Parasitological test and histopathological images of skin lesions. (a) Parasitological skin test showing DF. (b, c) At lower power, dermatopathology images show a pronounced perifollicular lymphocytic infiltrate around hair follicles (hematoxylin-eosin staining, original magnification (b) ×40 and (c) ×100. (d) High power image showing a tubular structure consistent with DF (hematoxylin–eosin staining, original magnification ×400).

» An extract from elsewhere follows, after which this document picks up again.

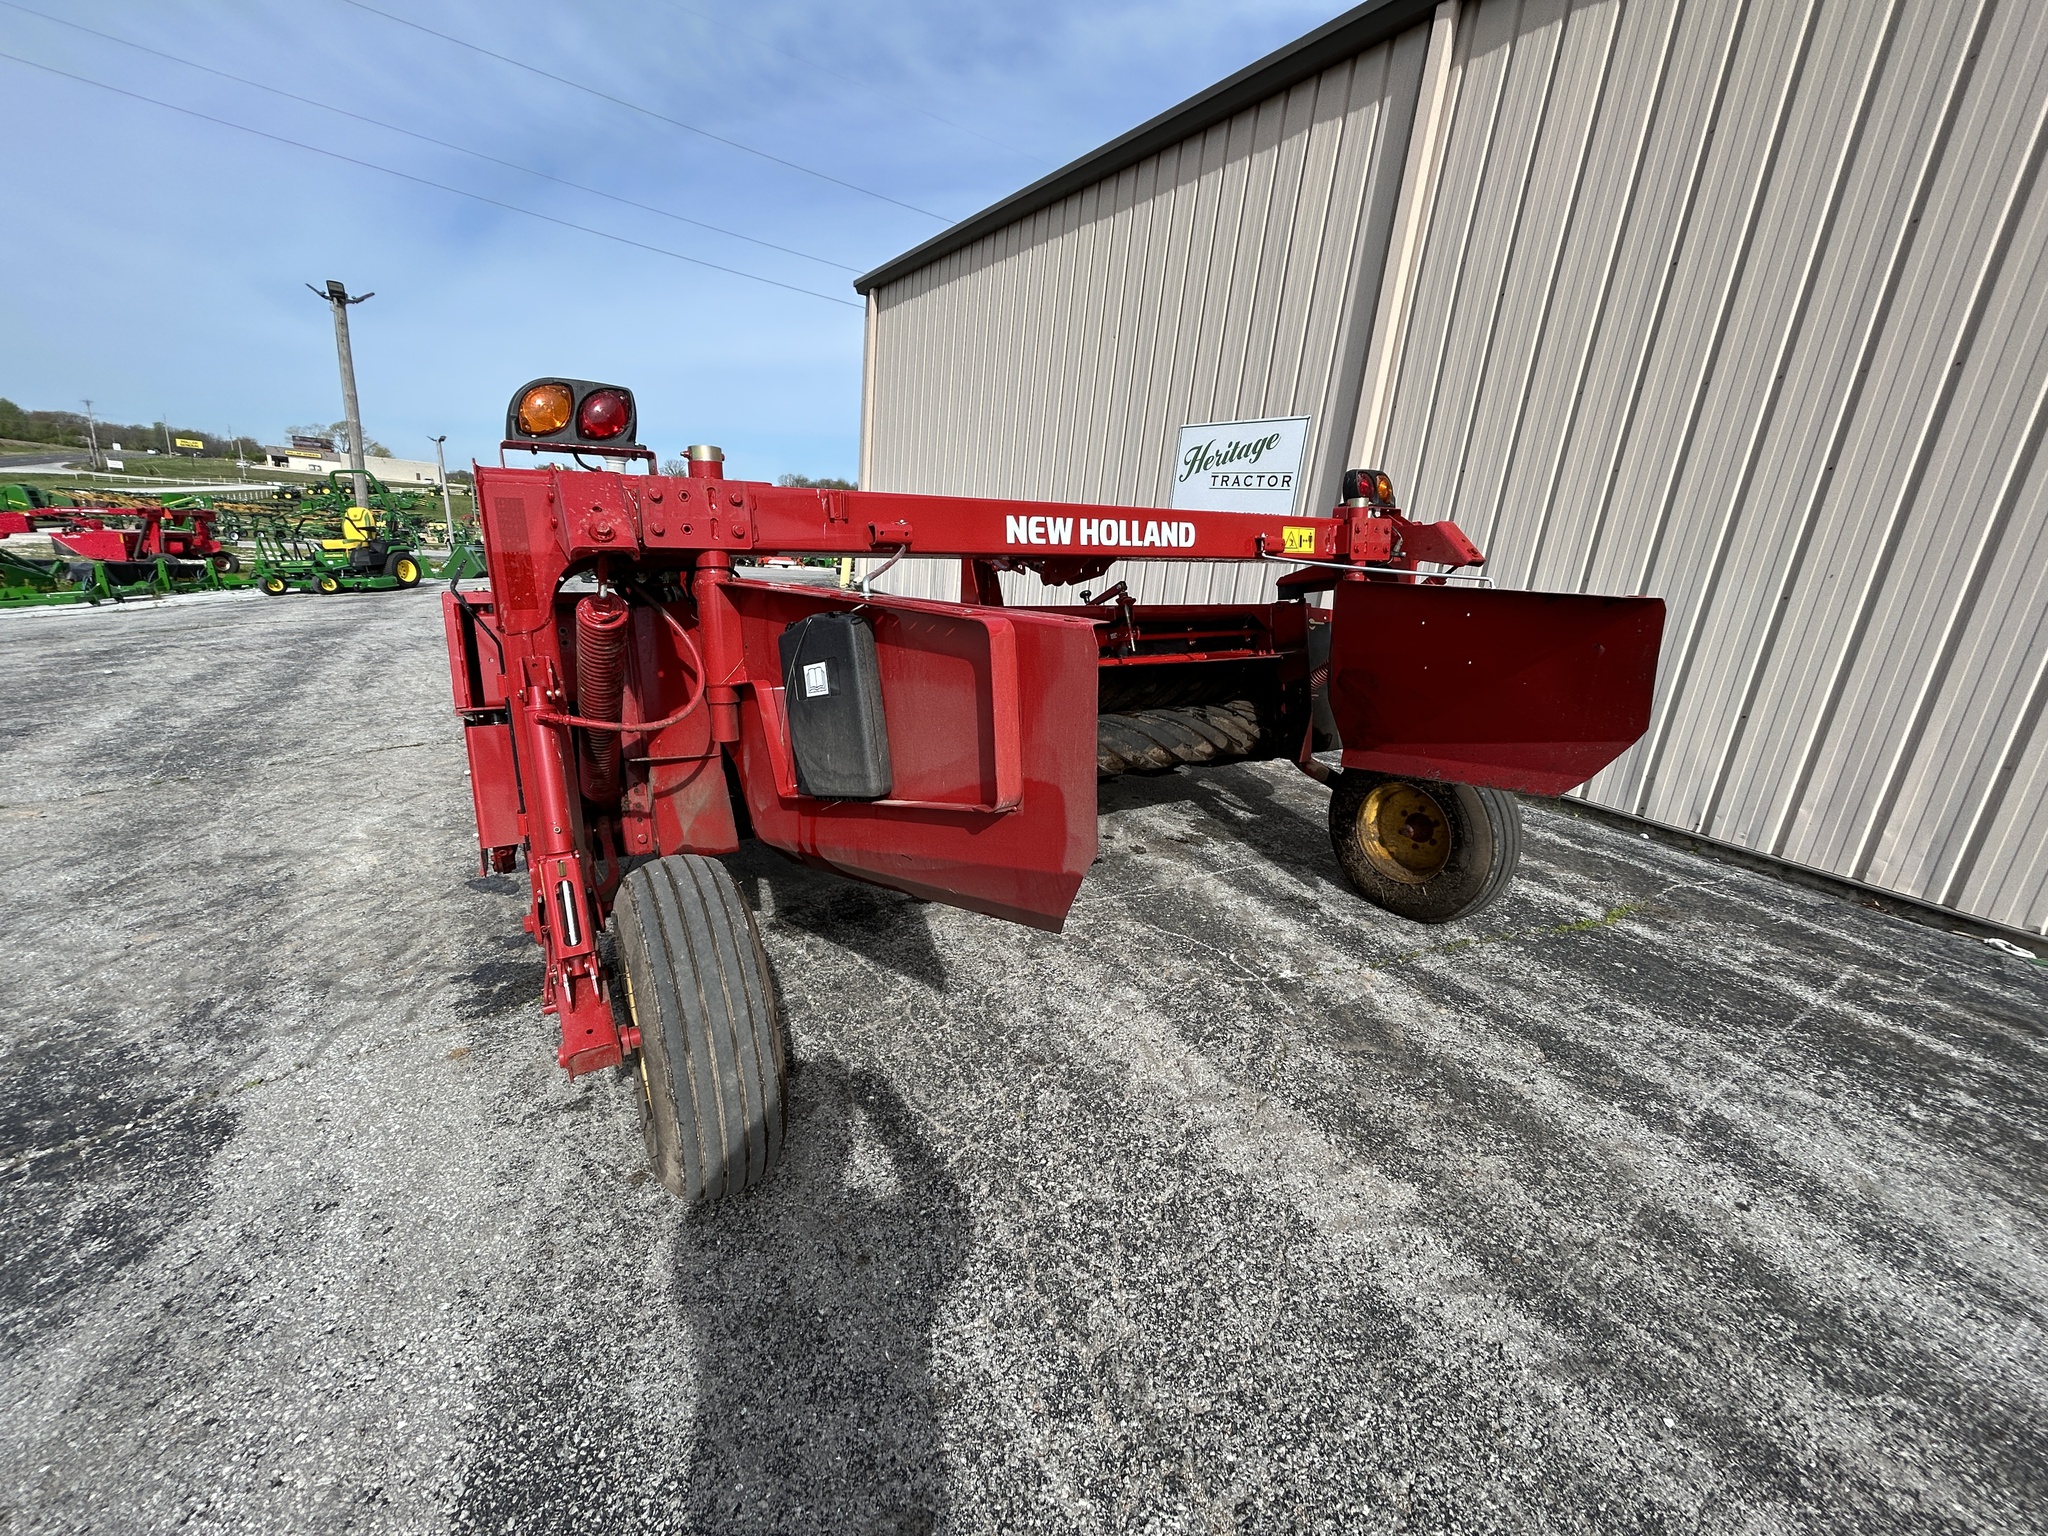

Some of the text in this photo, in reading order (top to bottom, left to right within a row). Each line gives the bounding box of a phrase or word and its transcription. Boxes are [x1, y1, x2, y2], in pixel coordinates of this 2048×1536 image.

DF is a saprophytic mite of the human pilosebaceous unit, first described in 1841 by Henle and Berger. It is commonly found on the face, especially the forehead, cheeks, eyelids, nasolabial folds, and nose due to the high density of sebaceous glands found in these areas. Rates of colonization in the general population usually range from 20% up to 80%. DF may be also found in the ear canals and other areas of the body and has been involved in many dermatological disorders, such as rosacea, pustular folliculitis, or follicular pityriasis.2
The presence of follicular spines caused by the protrusion of mites and keratin from the follicle is referred to as pityriasis folliculorum. When demodicosis occurs and large quantities of mites are present in the epithelium of the skin, pruriginous follicular papules and visible inflammatory lesions may occur. Clinical presentation can vary from scales and erythema over the forehead and nose to a symmetrical papulopustular eruption of malar distribution over existing diseased skin.3
Demodex proliferation can be impacted by multiple factors, such as hypothyroidism, pregnancy, diabetes, immunosuppressive therapies, Staphylococcus epidermidis infection, and genetic background. In immunocompromised patients, a pruritic exanthema on extended areas such as the trunk and upper extremities can be found. Moreover, the presence of pustules and a lack of improvement after topical corticosteroids should also be indicative of the presence of DF. A few cases of demodicosis in patients with lymphoma or leukemia have been reported in the literature, especially when patients are recovering from an allogenic bone marrow transplant.4 Accurate diagnosis in these patients is critical as the clinical presentation of the disorder can be similar to acute graft-versus-host disease of the skin.
For diagnosis, the presence of Demodex mites can be confirmed through examination using light microscopy of skin scrapes or confocal laser scanning in vivo microscopy. Moreover, a skin biopsy can be indicative of the presence of demodicosis when follicular spongiosis and a perifollicular lymphoid infiltrate are found as was observed in our patients.
Many treatment options, such as permethrin, oral ivermectin or metronidazole have demonstrated the efficacy profile of Demodex infestation. However, topical ivermectin seems to be beneficial in immunosuppressed patients with extended and symptomatic skin eruptions.5
Our patients developed a perioral eruption which extended to the rest of the face, arms, back and pre-sternal region. In addition to parasitological examination by pustular lesions scrapping, skin biopsy and detection of DF by direct microscopy allowed us to establish the correct diagnosis. Moreover, complete remission of the skin eruption was seen after topical ivermectin, which reaffirmed our diagnosis. No side effects were reported after treatment in these patients.
In conclusion, physicians should remember that demodicosis should be taken into consideration when acute pustular and pruritic skin eruptions involving face and upper regions of the body appear after a bone marrow transplant. Of note, the transition from the asymptomatic colonization of DF to clinical demodicosis is a more common finding in immunosuppressed patients.3 Therefore, an easy and useful technique as parasitological examination should be included in the study protocol of pustular lesions in this group of patients.
Conflict of interestsThe authors state that they have no conflict of interests.